• WHAT TO WORK ON:
Your task is to return the listing below word for word, without any of its images.

• DATASET CONTENT:
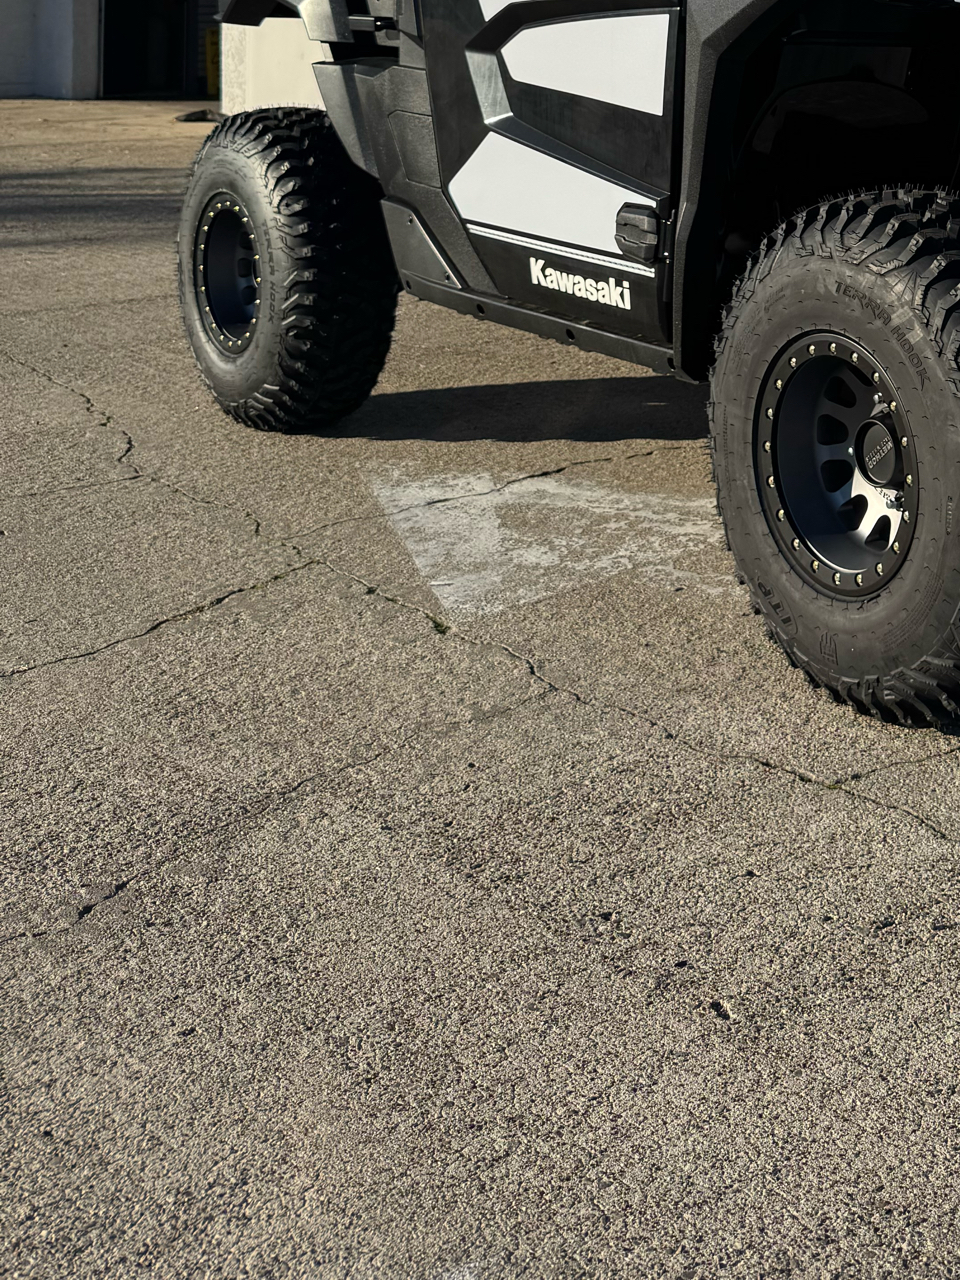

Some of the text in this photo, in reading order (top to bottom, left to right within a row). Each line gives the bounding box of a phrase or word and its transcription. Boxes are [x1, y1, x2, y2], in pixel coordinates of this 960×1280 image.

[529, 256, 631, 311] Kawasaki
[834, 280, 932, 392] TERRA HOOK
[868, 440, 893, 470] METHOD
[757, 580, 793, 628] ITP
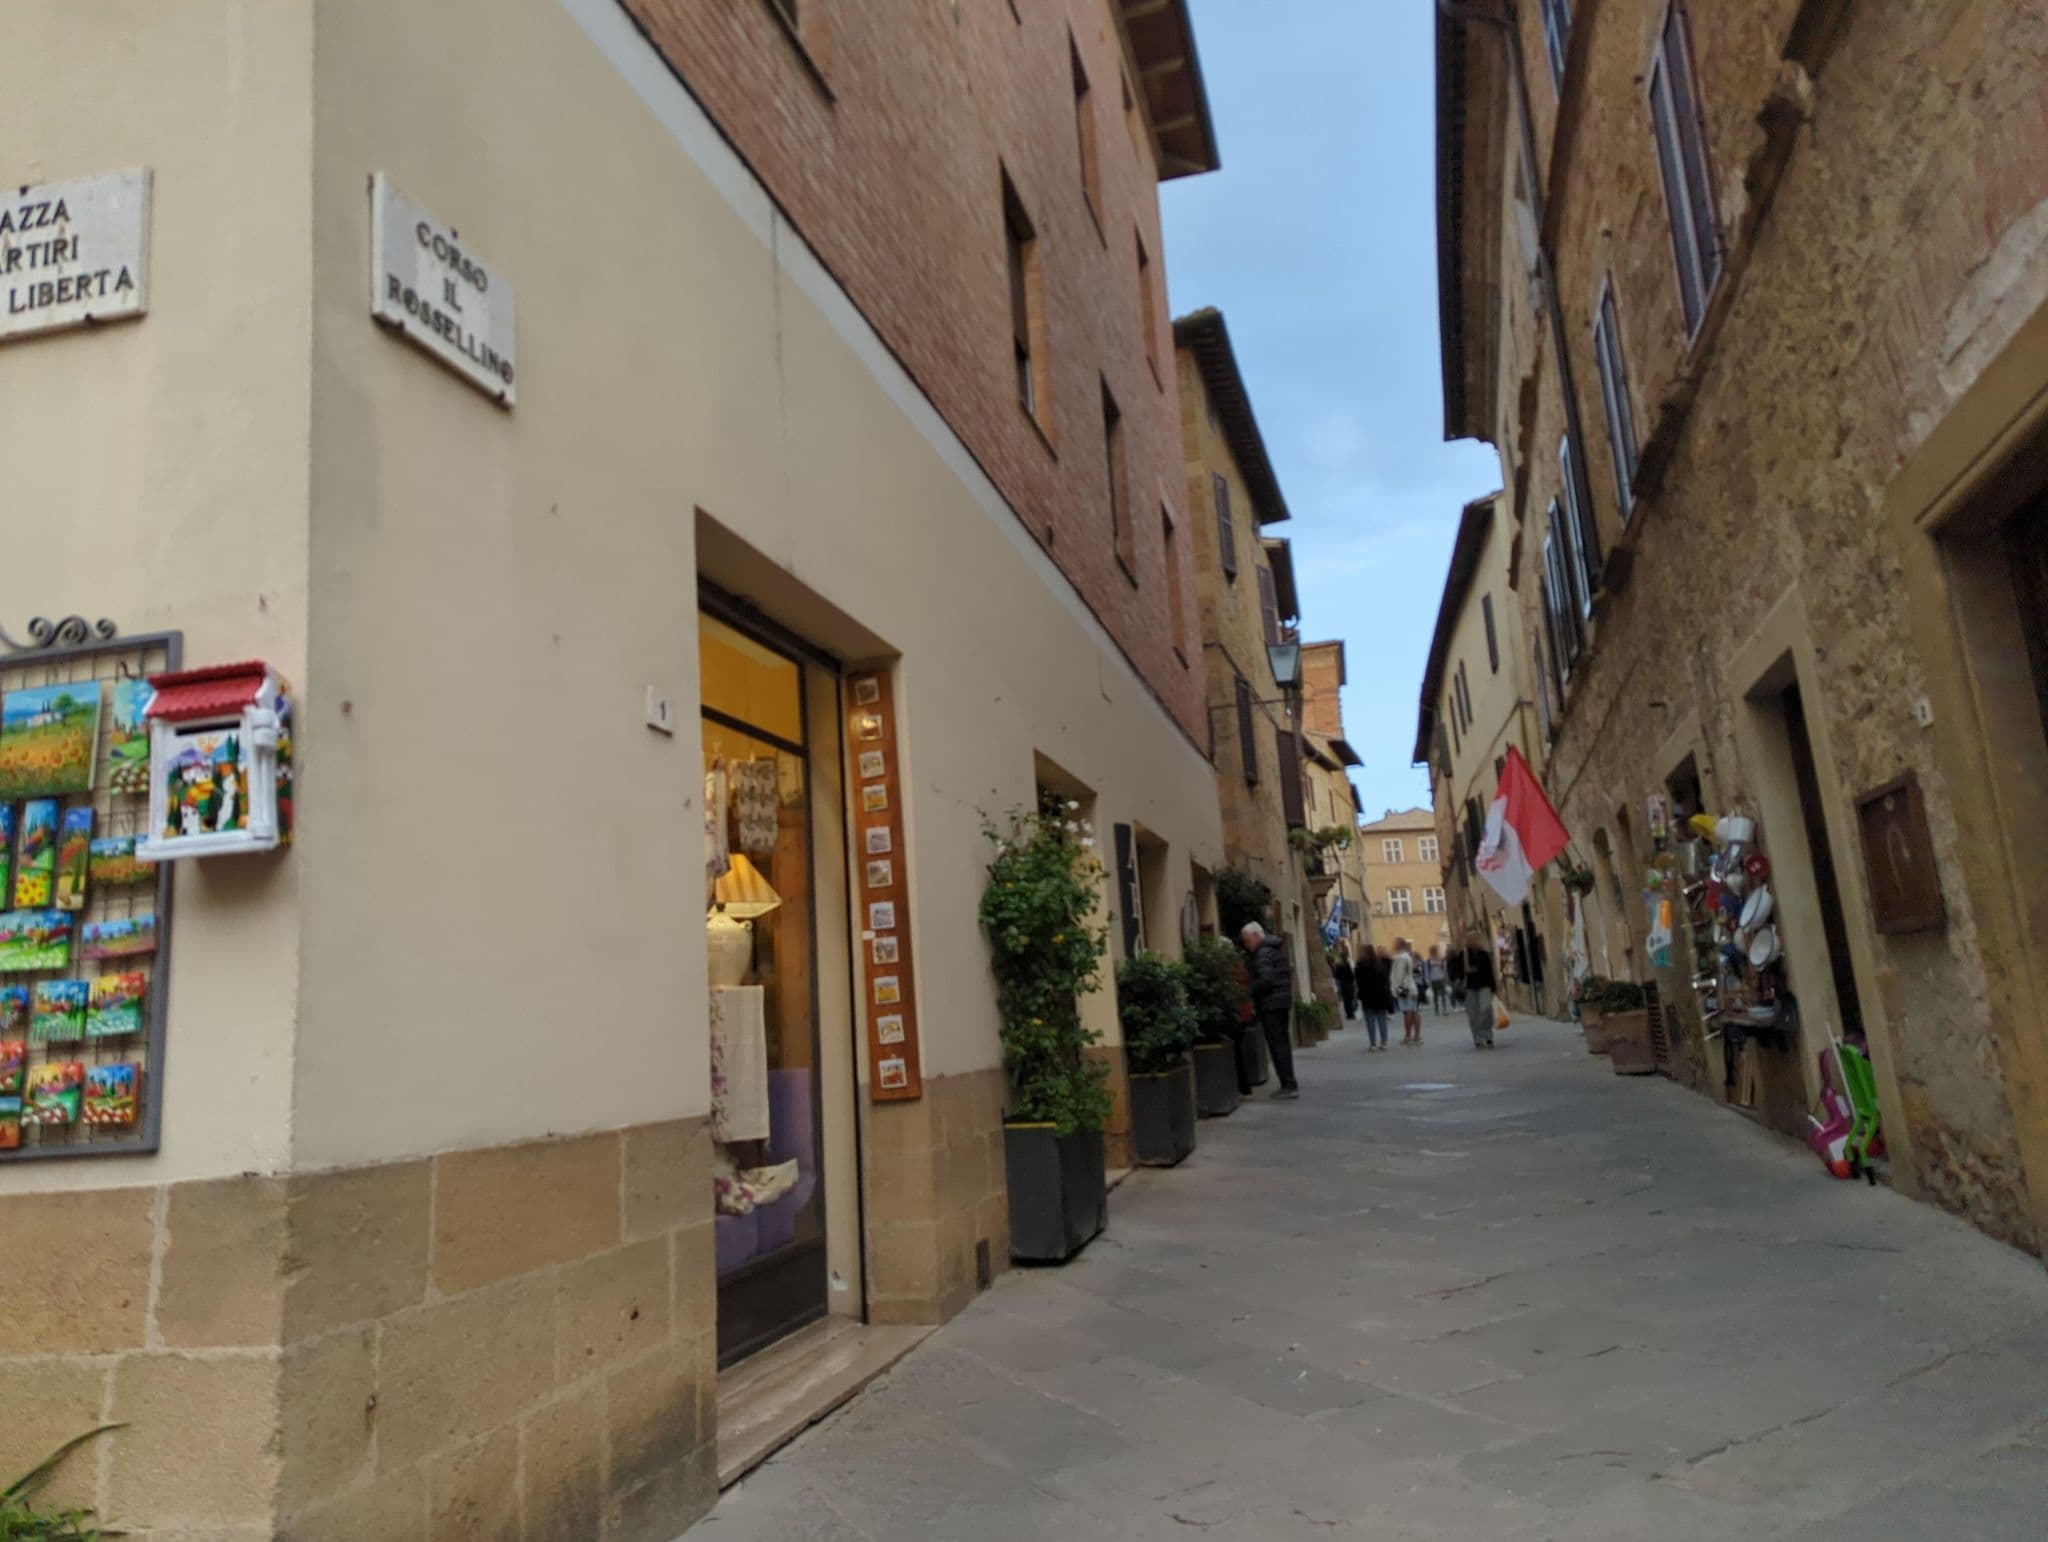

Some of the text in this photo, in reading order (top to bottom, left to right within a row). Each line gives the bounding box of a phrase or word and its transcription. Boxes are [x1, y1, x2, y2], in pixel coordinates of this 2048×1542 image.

• WRITTEN ANSWER:
Some of the text in this photo, in reading order (top to bottom, left to right within a row). Each line gives the bounding box of a phrase or word and its transcription. Boxes are [x1, y1, x2, y2], in pixel coordinates of this 960×1280 image.

[529, 256, 631, 311] Kawasaki
[834, 280, 932, 392] TERRA HOOK
[868, 440, 893, 470] METHOD
[757, 580, 793, 628] ITP

Some of the text in this photo, in reading order (top to bottom, left to right within a row). Each line gives the bounding box of a phrase or word and its transcription. Boxes are [x1, y1, x2, y2], in pixel coordinates of this 2048×1542 image.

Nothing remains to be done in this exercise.